Now say that the string is very long indeed - 1 light minute. I tug on the string, and send the message "hello" - and you receive the message immediately.
Have I transmitted information faster than light? Or totally misunderstood relativity?
(, Thu 27 May 2010, 0:39, 12 replies, latest was 16 years ago)
... so I think you've managed to get the phone number of the factory just outside either Cambridge or Oxford (can't remember which) that makes smooth inclined planes, frictionless surfaces, and point masses.
If you can manufacture, purchase or otherwise come by a perfectly inelastic, arbitrarily long string, then I'm thinking that the folks who want to make space elevators (amongst many other cool things, from a scientific viewpoint) would be extremely keen to talk to you. :-)
(, Thu 27 May 2010, 0:55, Reply)
but imagine you've got a steel rod that's a billion miles long and a couple of metres round. We put a guy exactly a metre away from each end and move the rod back and forth to convey a message in morse code. What you're doing there is moving an object through space reasonably slowly. You may be transmitting information across a billion miles - but not in the sense that you're breaking any kind of speed records.
(, Thu 27 May 2010, 6:23, Reply)
If the rod is rigid, and a code is sent down it in morse, the code will arrive instantanly at the other end, at the rate it was sent. If at the same time, an identical code was tapped out, at the same rate, on an aldis lamp, and observed from the end of the rod, it would arrive later than the rod's message.
The whole packet of data would have travelled fater than light.
What do you think?
(, Thu 27 May 2010, 7:37, Reply)
In one you're using the relationship and forces between atoms to relay data physically, in the other you're using electromagnetic waves.
(, Thu 27 May 2010, 8:00, Reply)
Anyway, its all theoretical bollocks. If I had an aldis lamp that worked at that distance it would have the power of a death star.
Now that would be worthwhile.
(, Thu 27 May 2010, 8:08, Reply)
of course the nuclear forces holding atoms together cannot travel faster than light either, so the information would take the same time or fractionally less than an electromagnetic transmission anyway. Edit: and that's exactly what K2 said down there. Doh.

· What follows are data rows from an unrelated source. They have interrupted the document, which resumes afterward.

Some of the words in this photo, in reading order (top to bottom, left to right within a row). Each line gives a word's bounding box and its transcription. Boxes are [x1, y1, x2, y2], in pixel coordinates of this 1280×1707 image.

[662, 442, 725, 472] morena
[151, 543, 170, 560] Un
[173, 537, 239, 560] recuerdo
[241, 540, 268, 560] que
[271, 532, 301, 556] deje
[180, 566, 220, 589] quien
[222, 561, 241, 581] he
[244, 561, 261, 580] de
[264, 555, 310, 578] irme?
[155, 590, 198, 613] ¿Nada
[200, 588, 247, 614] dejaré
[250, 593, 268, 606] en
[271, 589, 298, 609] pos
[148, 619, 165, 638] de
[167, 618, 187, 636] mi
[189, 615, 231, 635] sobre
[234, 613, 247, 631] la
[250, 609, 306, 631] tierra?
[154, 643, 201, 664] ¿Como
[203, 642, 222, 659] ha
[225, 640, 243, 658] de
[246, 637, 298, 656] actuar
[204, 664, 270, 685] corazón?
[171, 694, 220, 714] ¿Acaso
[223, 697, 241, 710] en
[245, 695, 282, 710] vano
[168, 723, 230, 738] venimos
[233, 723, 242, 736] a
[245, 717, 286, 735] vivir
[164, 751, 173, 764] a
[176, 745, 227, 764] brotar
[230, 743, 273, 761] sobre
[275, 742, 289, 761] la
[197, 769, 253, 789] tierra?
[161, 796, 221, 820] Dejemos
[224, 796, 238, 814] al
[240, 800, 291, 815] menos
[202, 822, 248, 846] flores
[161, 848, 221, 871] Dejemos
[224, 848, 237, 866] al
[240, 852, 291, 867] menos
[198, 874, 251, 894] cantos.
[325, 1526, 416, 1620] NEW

(, Thu 27 May 2010, 8:34, Reply)
Yes, you would have instantaneous action at a distance. But such a material can't exist in practice, because on an atomic scale, the vibrations have to travel from one atom to the next. And they are prohibited from doing so any faster than the speed of light, therefore even the stiffest possible theoretical material would only transfer information at (slightly below) the speed of light.
Sorry ragged. No Nobel prize for you this year.
(, Thu 27 May 2010, 8:13, Reply)
forums.civfanatics.com/archive/index.php/t-97813.html
(, Thu 27 May 2010, 8:23, Reply)
and they in turn transfer that force to the next atoms and so on. There's a ripple that travels down the object to move it. It's just too fast to be observed in objects under about a light-second in length.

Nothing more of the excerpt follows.